Guest post by Kip Hansen — January 18, 2024 — 400 words/5 minutes
According to the American Medical Association, in an article in JAMA's “What Doctors Want Their Patients to Know™” series:
“Research shows that a diet rich in ultra-processed foods is linked to more than 30 health conditions, according to a comprehensive review of meta-analyses published in the British Medical Journal. At the same time, greater exposure to ultra-processed foods is associated with a higher risk of death from any cause. . It is also strongly linked to higher consumption and cardiovascular disease-related deaths, mental health disorders and type 2 diabetes.
This statement is based on many published comments nutritional epidemiology research (hundreds). In 2024 alone, 45 review studies or meta-analyses on UPF were published.
Nutritional epidemiology?
World-class statistician William “Matt” Briggs, author of this book “Uncertainty: The Soul of Modeling, Probability, and Statistics,” tell usunequivocallyThat:
“Epidemiology is a field that formally mistakes correlation for causation.”
This is a very serious allegation. This is also true. And it's getting worse. This is a consequence of the definition and practice of nutritional epidemiology:
“Nutritional Epidemiology
Nutritional epidemiology is the application of epidemiological methods to study the relationship between diet and human health and disease at the population level. … Epidemiologists study how nutrition affects the occurrence of disease by collecting data and comparing large groups of people. Statistical methods are used to estimate the extent to which a factor affects a population's risk of disease.

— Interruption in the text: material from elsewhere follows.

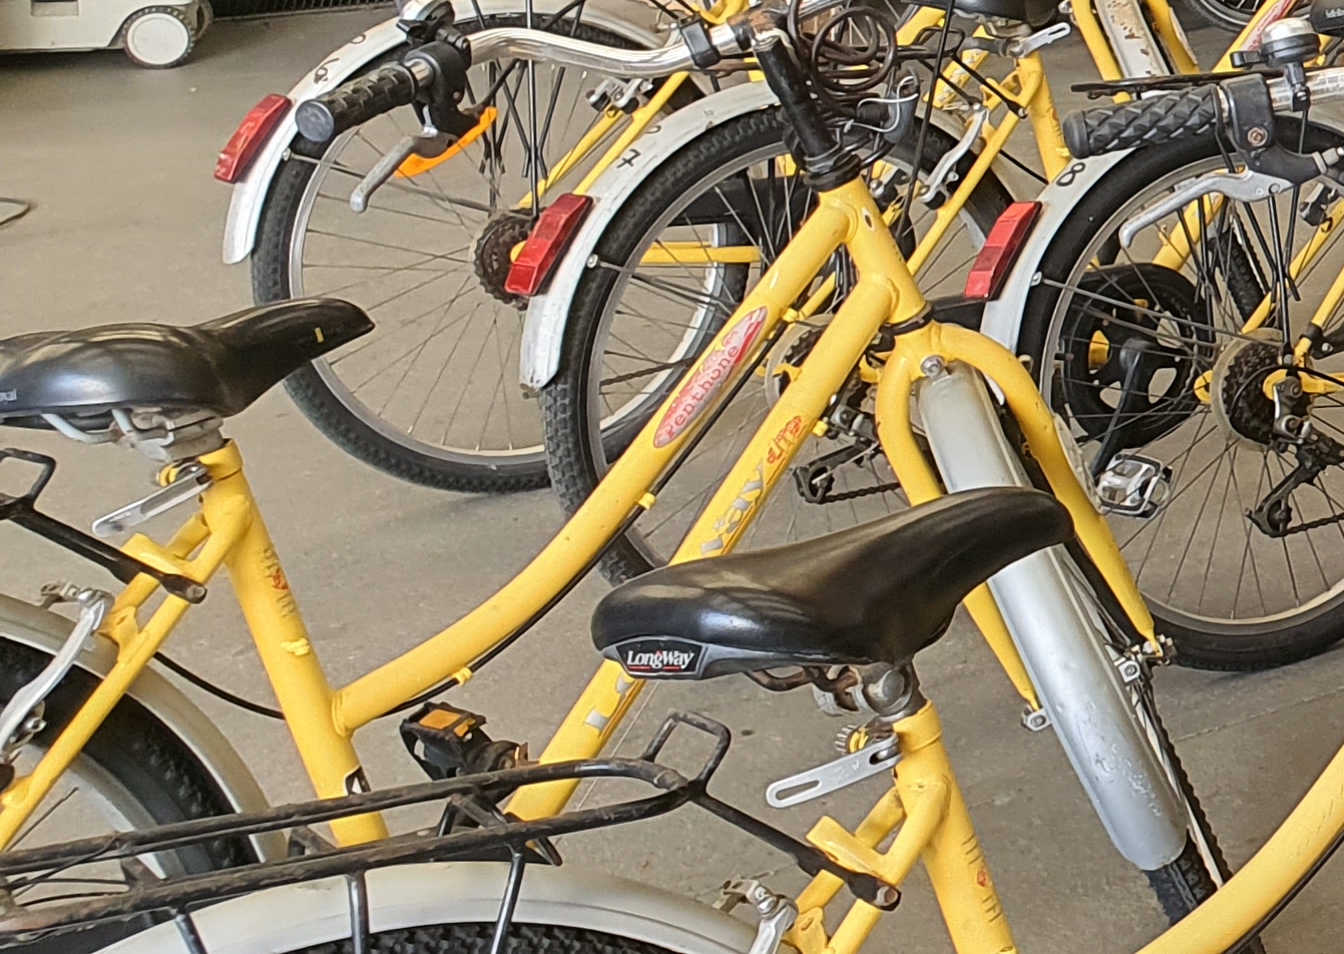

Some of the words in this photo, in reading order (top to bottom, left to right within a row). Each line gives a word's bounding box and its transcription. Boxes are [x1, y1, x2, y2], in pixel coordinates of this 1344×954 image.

[616, 148, 641, 169] 7
[1055, 161, 1086, 187] 8
[626, 648, 695, 670] LongWay

This estimate is often expressed as a measure of correlation.
“In epidemiological studies, diet can be studied at different levels, including the intake of nutrients, foods, food groups and/or patterns. These exposures can be achieved by directly determining what people eat (e.g., through questionnaires), through Measured by measuring uptake markers in biological samples or by estimating body size and relative sizes of body compartments.
“The exposure measure of interest in nutritional epidemiology is typically long-term diet, as the effects of intake on most health outcomes, particularly those related to non-communicable diseases, are likely to occur over longer periods of time.”
The chapter is summarized from Encyclopedia of Food and Health, 2016, It reads more concisely:
“Nutritional epidemiology is the application of epidemiological methods to study the relationship between diet and human health and disease at the population level. This article reviews key issues in the field of nutritional epidemiology, including the description of methods for assessing dietary intake, sources of dietary variation, the relevance of total energy intake to epidemiological analyses, and errors that may occur when measuring dietary exposure.
The problems of nutritional epidemiology immediately become apparent:
1. “…study the relationship between diet and human health and disease at the population level.”
If these population-level relationships When trying to apply to individuals we encounter ecological fallacy: A logical error that occurs when assumptions are made about individuals based on group data.
2. “… This estimate—the extent to which a factor affects disease risk in a population—is often expressed as a measure of association.
The measure of correlation, of correlation, is not risk, but statistics. The real risk comes from exposure to causal factors and its dosageTo do this, researchers need to measure the dose received by individuals exposed to the hypothesized chance factor. Hypothesized causal factors need to be supported by biological plausibility.
For UPF, something like for the purpose of certain processing steps or business ownership Food manufacturers' products cannot be, and are not, biologically plausible contributors to the myriad negative effects of consuming UPF.
3. “…These exposures can be measured by directly determining what people eat (for example, through questionnaires)…”
exposure can be Direct measurement, but food frequency questionnaire (FFQ) and 24-hour dietary recall (24 hours) does not directly measure the exposure or dose of food in a person's diet. They are, at best, vague estimates of dietary intake. Many nutritional epidemiology studies are based on a single “last year…” type food frequency questionnaire. Or even a 24-hour dietary recall. These FFQs are then treated as real-world exposures and doses. Typically, participants are then assumed to maintain the same eating habits for the next several years and, in some cases, decades.
4. “The exposure measure of interest in nutritional epidemiology is usually long-term diet,…”
As mentioned above, exposure to a measure of benefit (in this case, UPF) is almost never actually measured in any scientifically defensible way. Moreover, apart from one or two clinical trials, the practical dose is no way Measurement.
5. “…Sources of dietary variation”… “and possible errors in measuring dietary exposure.”
People's diets don't stay the same for years and decades. And eating is a very difficult thing measure outside of institutional settings. Changes in marital status, age, becoming a parent, moving from university to professional life, changes in financial status, changes in employment, moving from one region or country to another – all these and many more factors directly change our The eating habits of most people in their daily lives.
How does all this apply to the study of ultra-processed foods?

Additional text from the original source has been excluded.